Exercise prompt:
Repeat the data as given. Images do not go in the copy.

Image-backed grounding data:

>>>>>

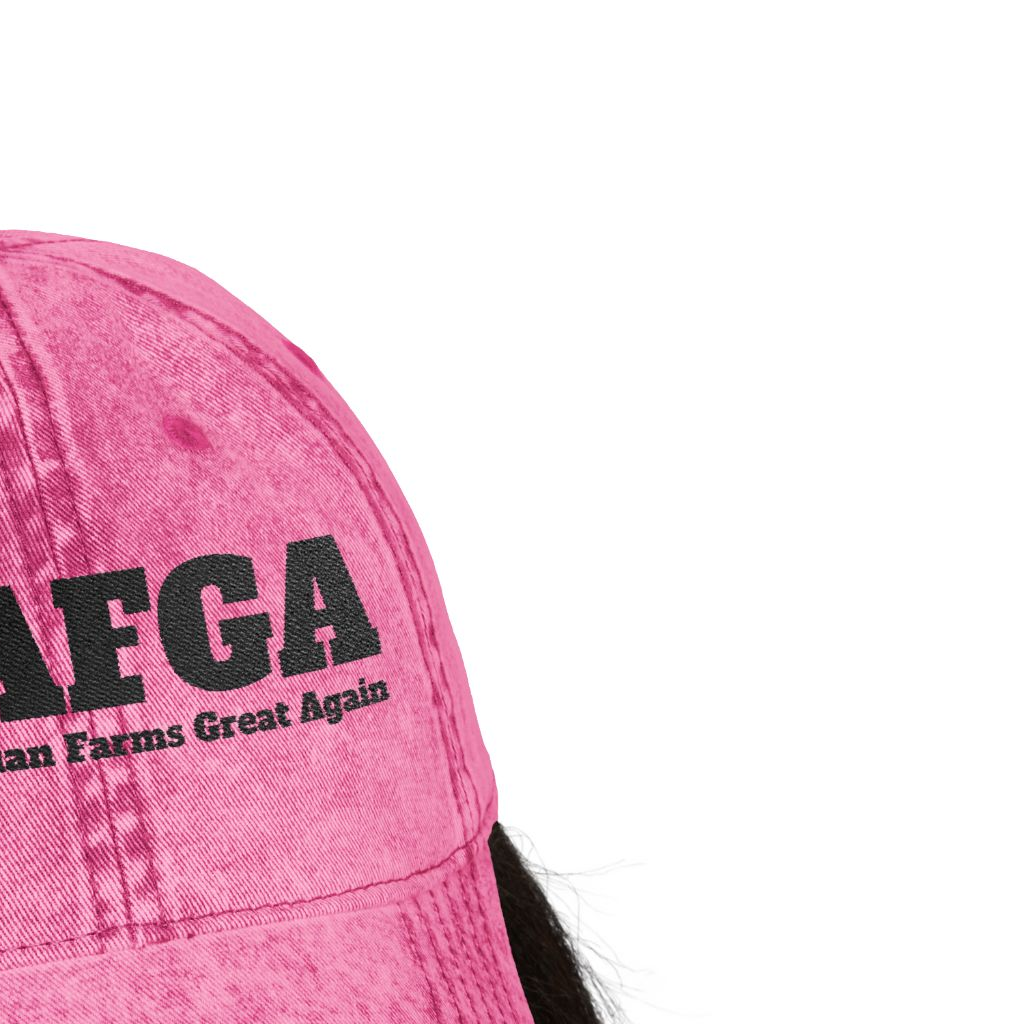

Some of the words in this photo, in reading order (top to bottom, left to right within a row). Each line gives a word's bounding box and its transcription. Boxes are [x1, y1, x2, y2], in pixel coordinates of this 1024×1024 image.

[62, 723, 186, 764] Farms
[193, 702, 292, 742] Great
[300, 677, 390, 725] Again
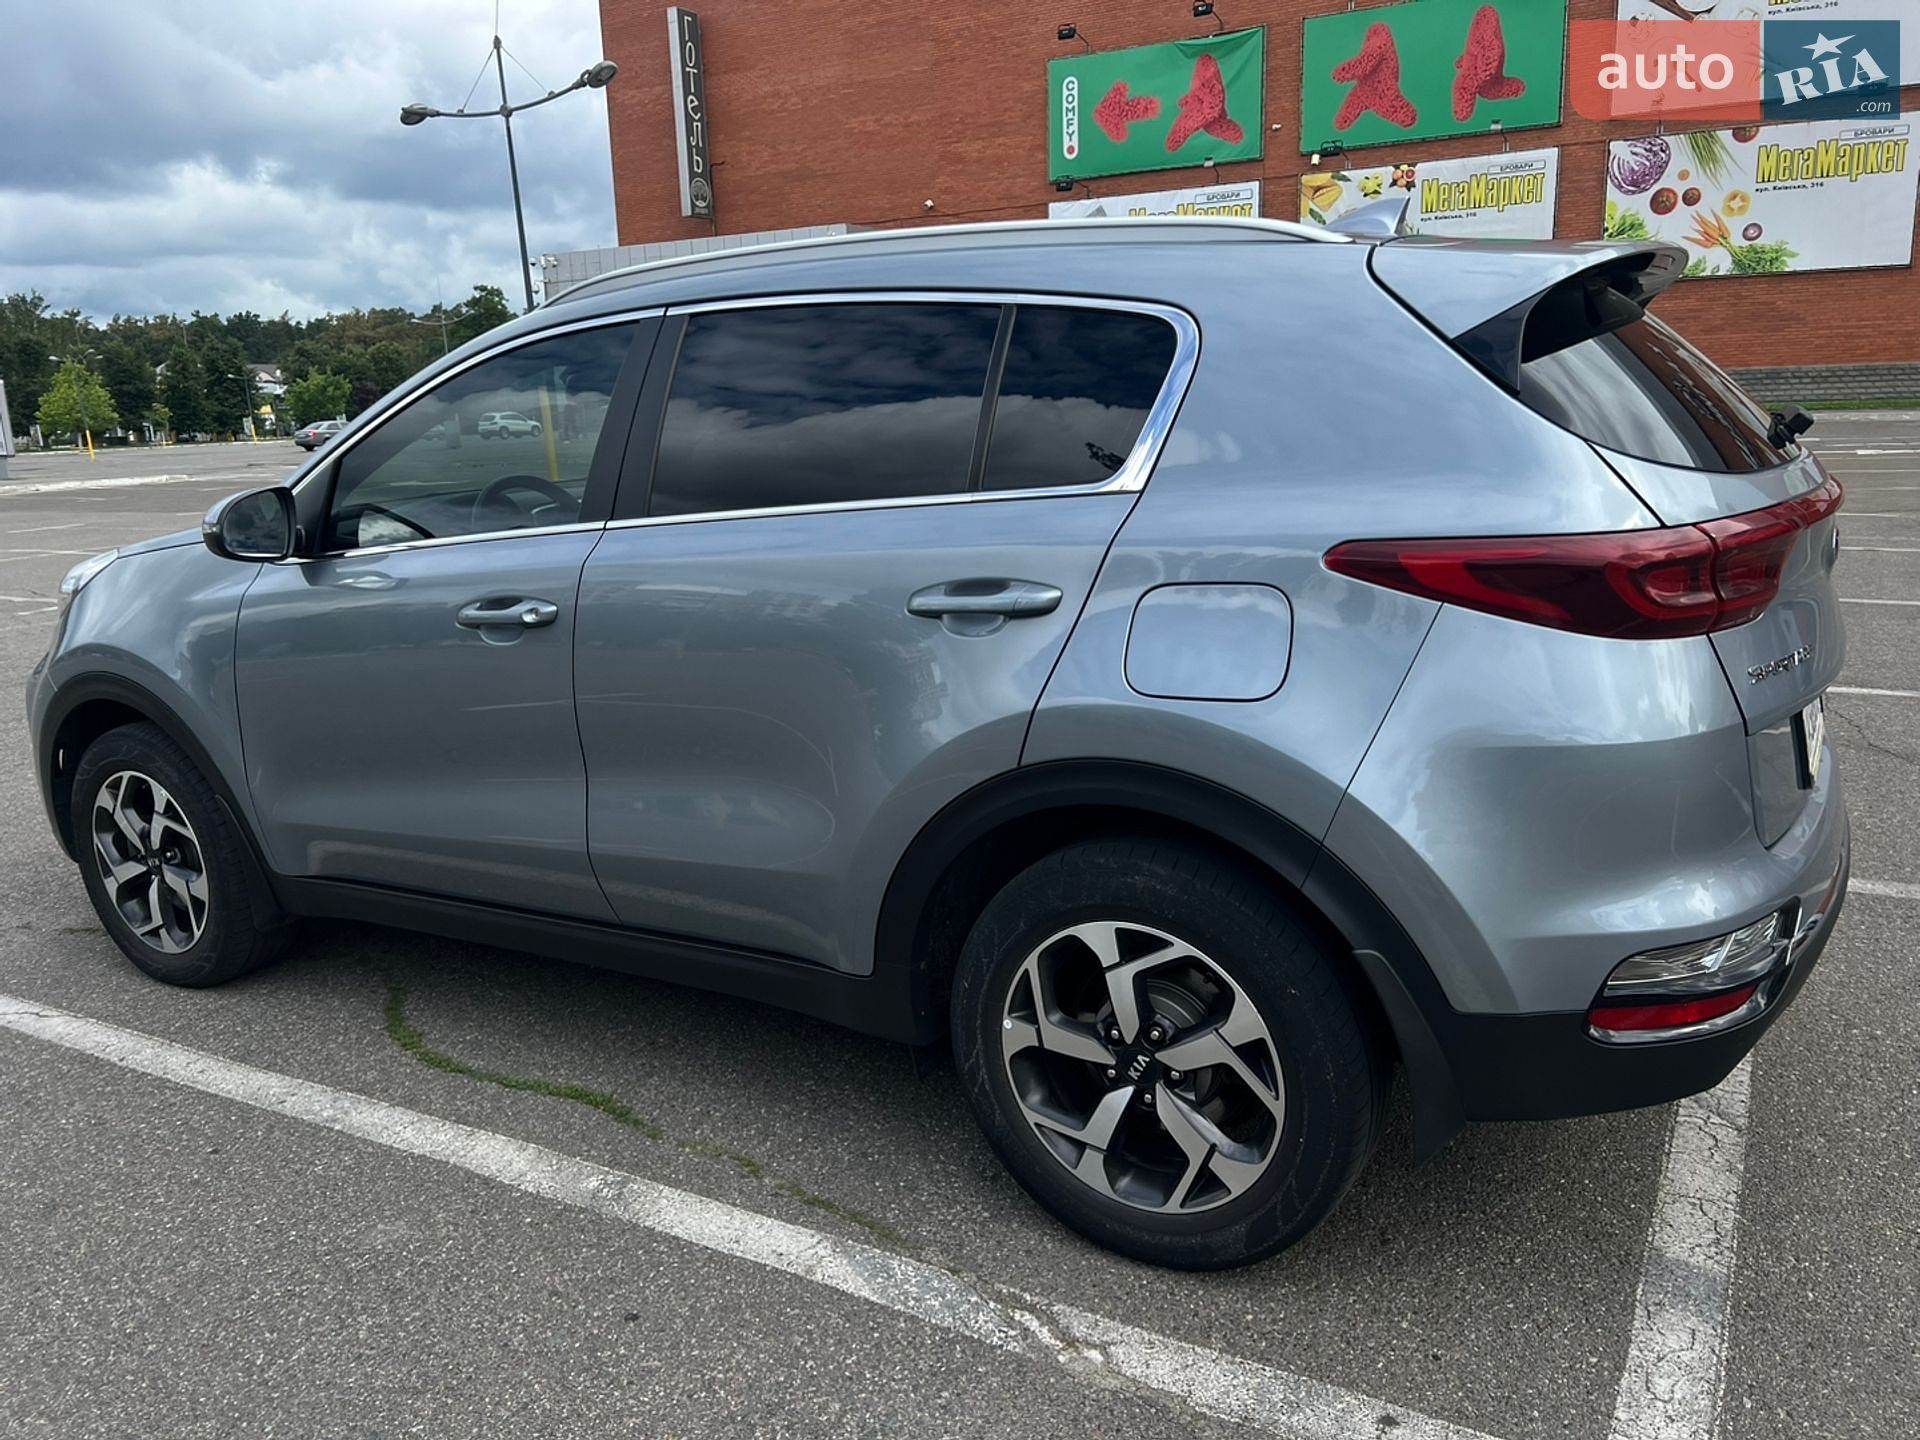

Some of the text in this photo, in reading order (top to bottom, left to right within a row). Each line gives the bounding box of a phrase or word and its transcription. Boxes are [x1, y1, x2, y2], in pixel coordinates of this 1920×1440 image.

<<<<<

Response area:
Some of the words in this photo, in reading order (top to bottom, left to right within a row). Each line gives a word's bounding box and its transcription. Boxes are [x1, y1, x2, y2], in pixel coordinates of this 1024×1024 image.

[62, 723, 186, 764] Farms
[193, 702, 292, 742] Great
[300, 677, 390, 725] Again

Some of the text in this photo, in reading order (top to bottom, left to right within a row). Each line gives the bounding box of a phrase or word and its transcription. Boxes are [x1, y1, x2, y2], in pixel coordinates of this 1920×1440 image.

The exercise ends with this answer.